About 26% of children in Kenya are stunted from malnutrition. Poor nutrition in early life irreversibly impacts brain development, affecting learning and future productivity.
Primarily because of high levels of stunting, Kenya has a human capital score of 0.55 according to the World Bank. This means that a child born in the country today is likely to achieve only half of his or her potential.
While the incidence, prevalence, and distribution of stunting are well documented, knowing why stunting rates remain high is essential for designing interventions and policies to reduce stunting.
Getting It Right! Improving Kenya’s Human Capital By Reducing Stunting provides a deeper understanding of stunting from a household perspective and points to possible pathways for addressing it.

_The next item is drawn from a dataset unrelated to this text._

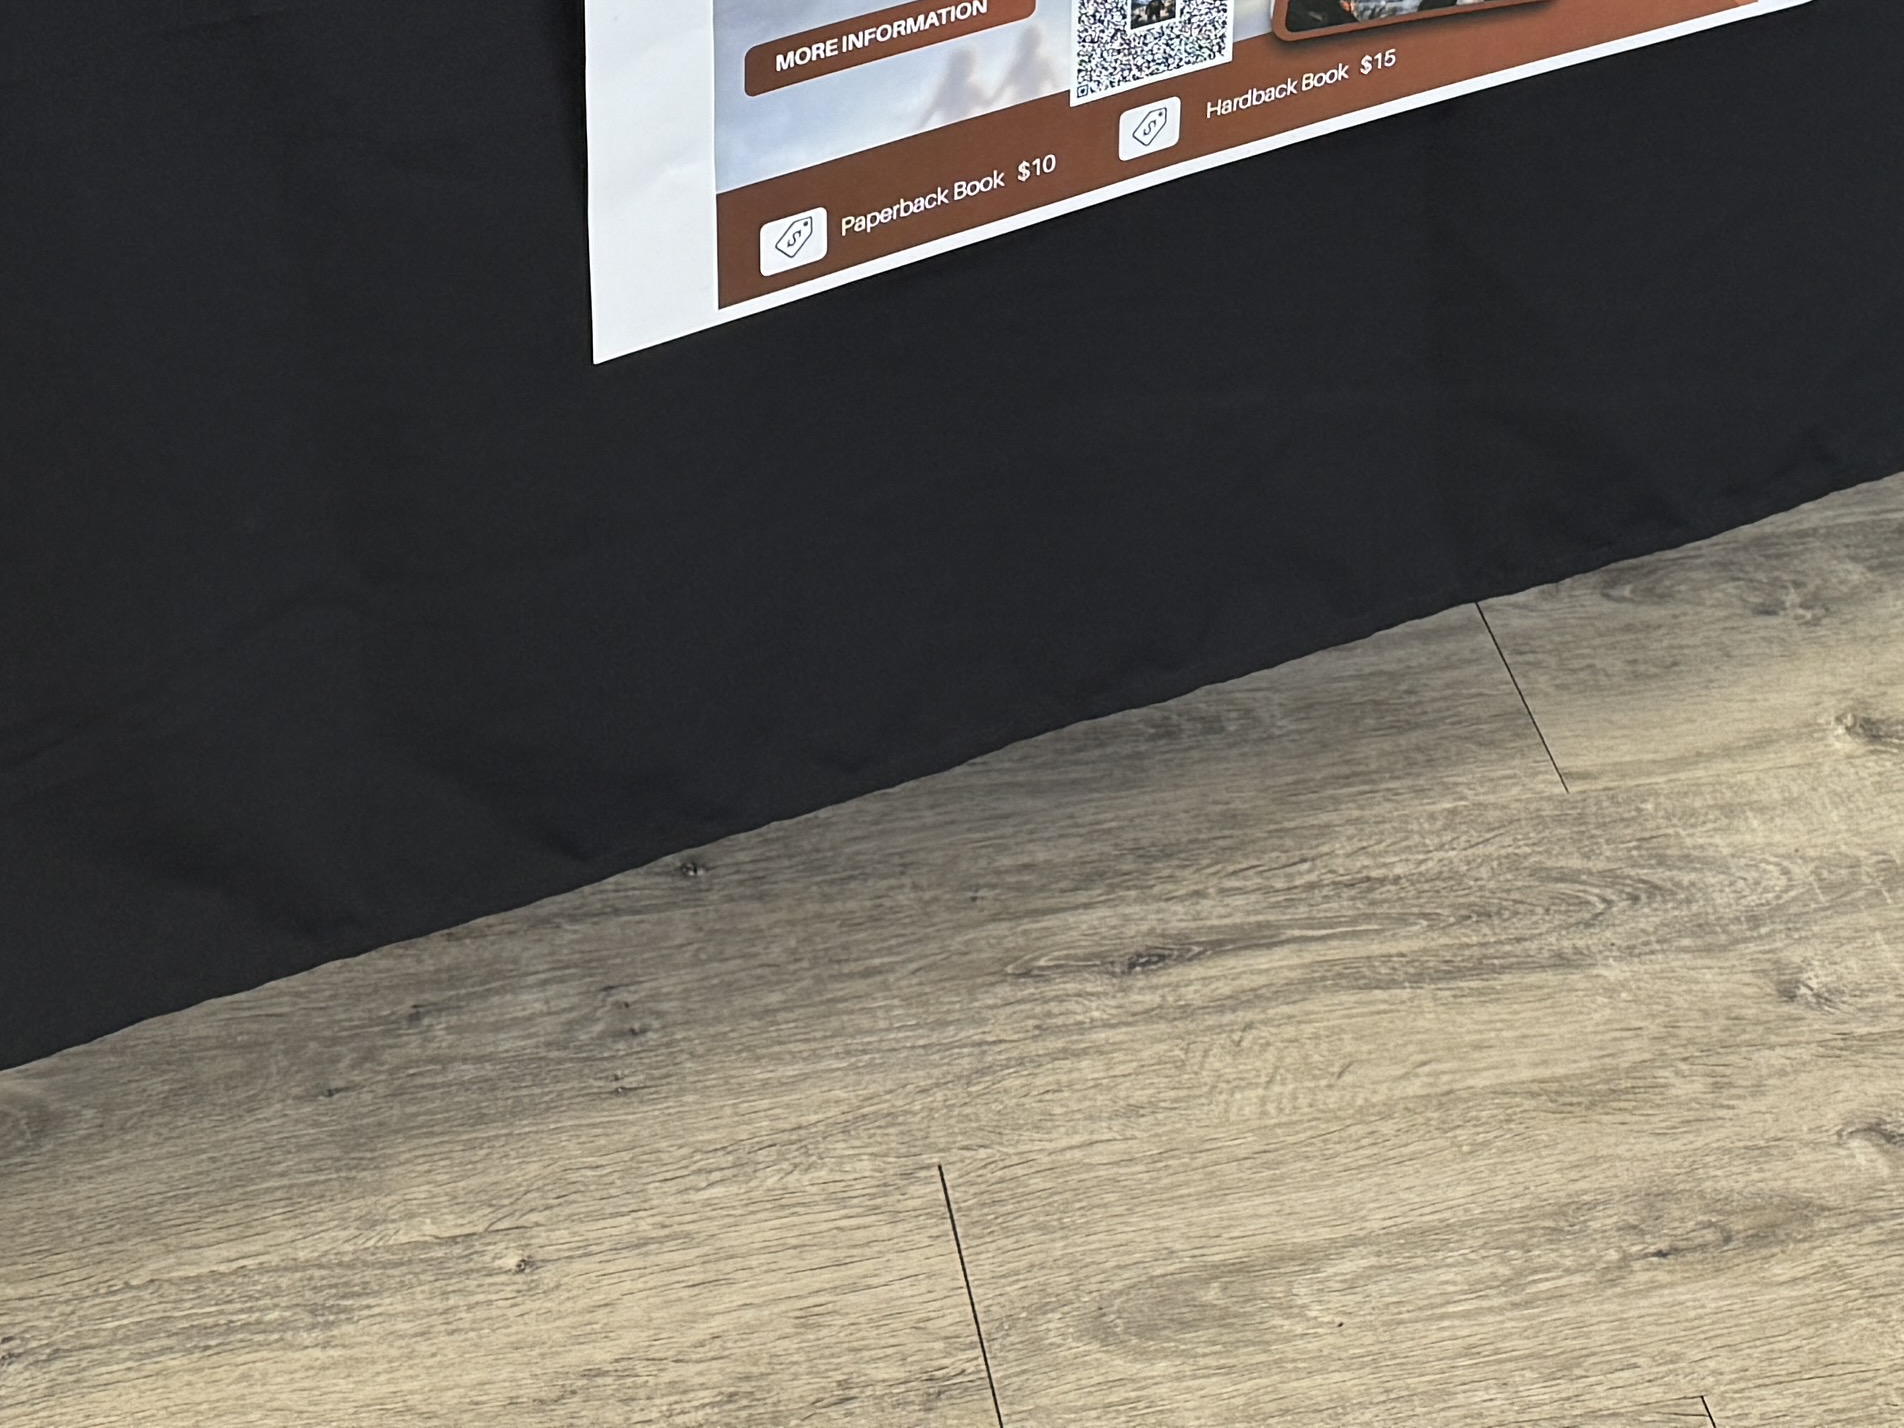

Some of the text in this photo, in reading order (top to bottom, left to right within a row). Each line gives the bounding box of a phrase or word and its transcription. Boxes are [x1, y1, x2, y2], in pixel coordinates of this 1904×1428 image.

Stunting is a sign of deeper socioeconomic challenges in the household and the community at large. Stunting is compounded by multifaceted complexities in the households, e.g., larger-than-average family size indicating poor access to family planning, gender parity including decisionmaking dynamics skewed against women, limited access to formal education for the other siblings (and even the parents), limited to no access to social safety nets, and many people living below the poverty line.

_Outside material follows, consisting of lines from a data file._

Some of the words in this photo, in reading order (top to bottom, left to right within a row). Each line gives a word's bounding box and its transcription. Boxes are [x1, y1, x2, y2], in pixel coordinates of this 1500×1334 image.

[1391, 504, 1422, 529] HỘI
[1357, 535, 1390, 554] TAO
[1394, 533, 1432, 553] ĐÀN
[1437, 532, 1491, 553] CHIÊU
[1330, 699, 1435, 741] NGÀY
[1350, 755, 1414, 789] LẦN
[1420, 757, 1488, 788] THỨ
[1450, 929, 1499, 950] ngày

The research underscores the importance of understanding a household as a wholly functional unit with interdependent parts as opposed to the siloed approach that many institutions take.
The report was prepared by Timothy Abuya, Population Council Kenya, and Wangari Ng’ang’a, Kenya’s Presidential Policy and Strategy Unit (PASU), with contributions and recommendations from community leaders and national and county executives in Kwale, West Pokot, Nakuru, Nyandarua, and Nairobi counties.